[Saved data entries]
+ + + + +

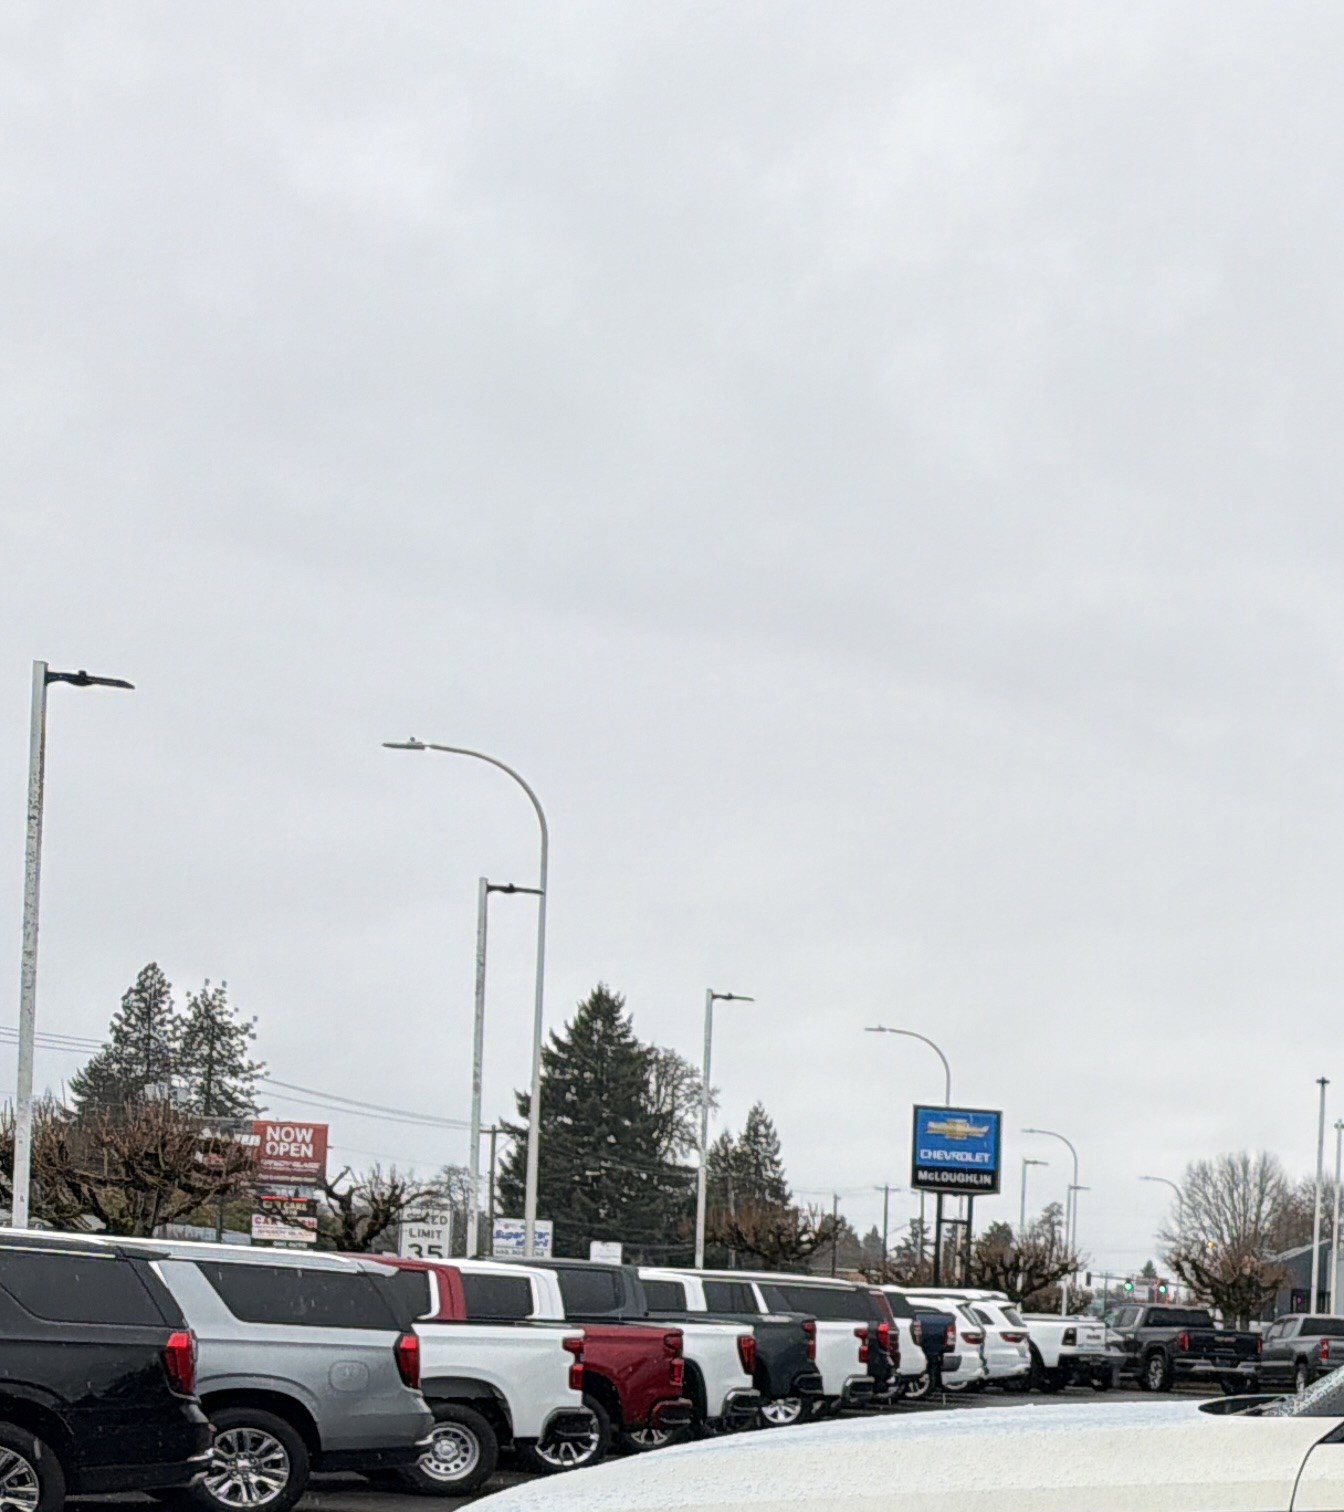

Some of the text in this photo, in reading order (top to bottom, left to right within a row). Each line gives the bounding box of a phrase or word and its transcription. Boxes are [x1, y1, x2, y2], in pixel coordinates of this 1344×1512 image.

[265, 1125, 313, 1143] NOW
[265, 1142, 314, 1158] OPEN
[920, 1149, 990, 1162] CHEVROLET
[918, 1170, 992, 1184] McLOUGHLIN
[407, 1212, 448, 1225] SPED
[408, 1227, 443, 1240] LIMIT
[407, 1243, 444, 1259] 35

+ + + + +

WHAT YOU NEED TO DO: Output every line of the records exactly, excluding all pictures.

TASK RESULT:
Some of the text in this photo, in reading order (top to bottom, left to right within a row). Each line gives the bounding box of a phrase or word and its transcription. Boxes are [x1, y1, x2, y2], in pixel coordinates of this 1344×1512 image.

[265, 1125, 313, 1143] NOW
[265, 1142, 314, 1158] OPEN
[920, 1149, 990, 1162] CHEVROLET
[918, 1170, 992, 1184] McLOUGHLIN
[407, 1212, 448, 1225] SPED
[408, 1227, 443, 1240] LIMIT
[407, 1243, 444, 1259] 35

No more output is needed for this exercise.